What's needed, what was promised
Peter Piot, Executive Director of UNAIDS, had said earlier that US$ 5 billion was needed every year for Africa to fight the pandemic, including US $3 billion for care.
"In 1969, 32 years ago, the donor countries agreed to the target for Official Development Assistance of 0.7% of their Gross National Products ... Only five countries in the developed world have reached the target: Norway; Sweden, Denmark, Holland, and just last year, Luxembourg.
And yet, "the wealthiest countries in the donor world, known as the G7 and made up of the United States, United Kingdom, Germany, France, Japan, Italy and Canada ... have never come close to the target, we stand between 0.2 and 0.3 rather than 0.7.
"If the G7 donor countries honoured their international commitments, we would have an additional $100 billion, and growing, every single year.
What's wrong with the world?
"I want to know what's wrong with this world? Within weeks of a terrible terrorist atrocity on September 11th, the donor governments started budgeting for expenditures of more than a $100 billion. I don't begrudge a penny of it. I agree with it. It comes in immediate response to the grotesque death of over 3,000 people. But what happens to the death of 2 million three hundred thousand people? Who makes these decisions of whether Africans shall live or die?
Describing a visit to the bedside of a woman, a mother, in a South African hospice, dying with no access to antiretrovirals, he had suggested that with ARVs she could live another two to three years. The Western Cape health minister accompanying him had disagreed. "No, Stephen, she could live another five to seven years, maybe more."

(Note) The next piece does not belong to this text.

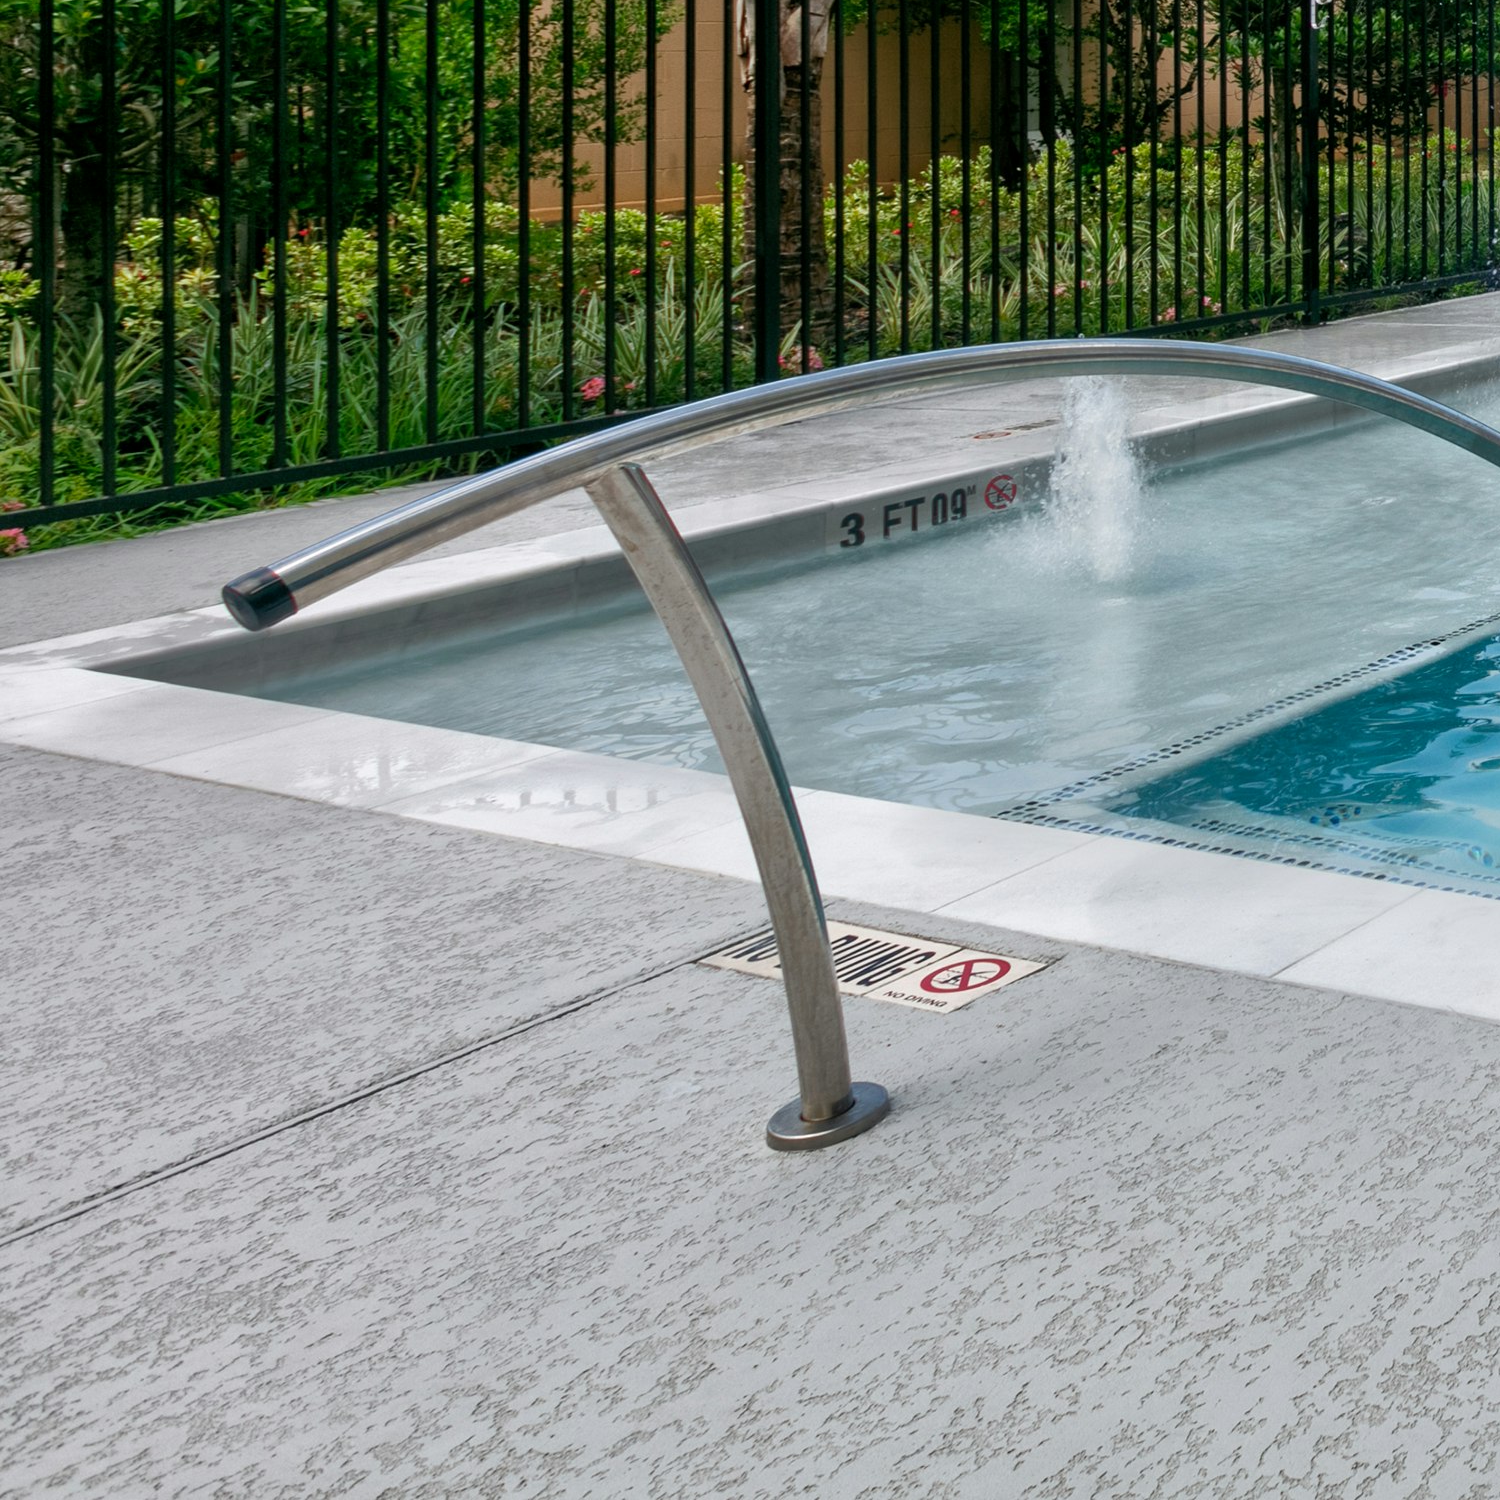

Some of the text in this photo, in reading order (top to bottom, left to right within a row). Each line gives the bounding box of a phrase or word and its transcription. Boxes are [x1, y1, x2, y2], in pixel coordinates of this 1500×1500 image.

"And I looked at her, and I thought of her kids, and I thought to myself, has the world ever experienced a greater moral lapse, ever occupied a greater moral void? [the distributed text referred to 'moral failure']
"If I were an African leader, an African President, I would be so impatient, so angry, that the world would surely hear of it. At every international meeting, every G8 Summit, every gathering of the World Bank or IMF or WTO, every convention of the pharmaceutical industry, every scientific conclave, I would make it clear that the majority of African leaders are now solid in their determination to defeat the pandemic, they know what's required, they'll move heaven and earth to meet the goals of the Abuja Summit and the UN Special Session.
"The target [for African governments] of spending 15% of total country budgets on health must be met; school fees should be abolished, consistent with the Convention on the Rights of the Child; the workplace must be safe and secure for those infected and affected by HIV/AIDS, consistent with the Code of Conduct of the ILO; an entire legal framework rooted in statutes must remove discrimination against people living with HIV/AIDS; the struggle for gender equality, embodied in laws, must become the idée fixe of parliament ... moving community interventions to scale, with a special emphasis on orphans, must become a cri de coeur ... in other words, in every conceivable way, Africa must take the lessons of this conference and make them live in the culture of a nation. They mirror, exactly, the principles which have been espoused by the Secretary-General of the United Nations.
"If that is done, then the explicit, compelling demands for help are not only legitimate, they're not open to challenge.
"Kofi Annan has made AIDS his personal priority. We are your natural allies. We will not let you down."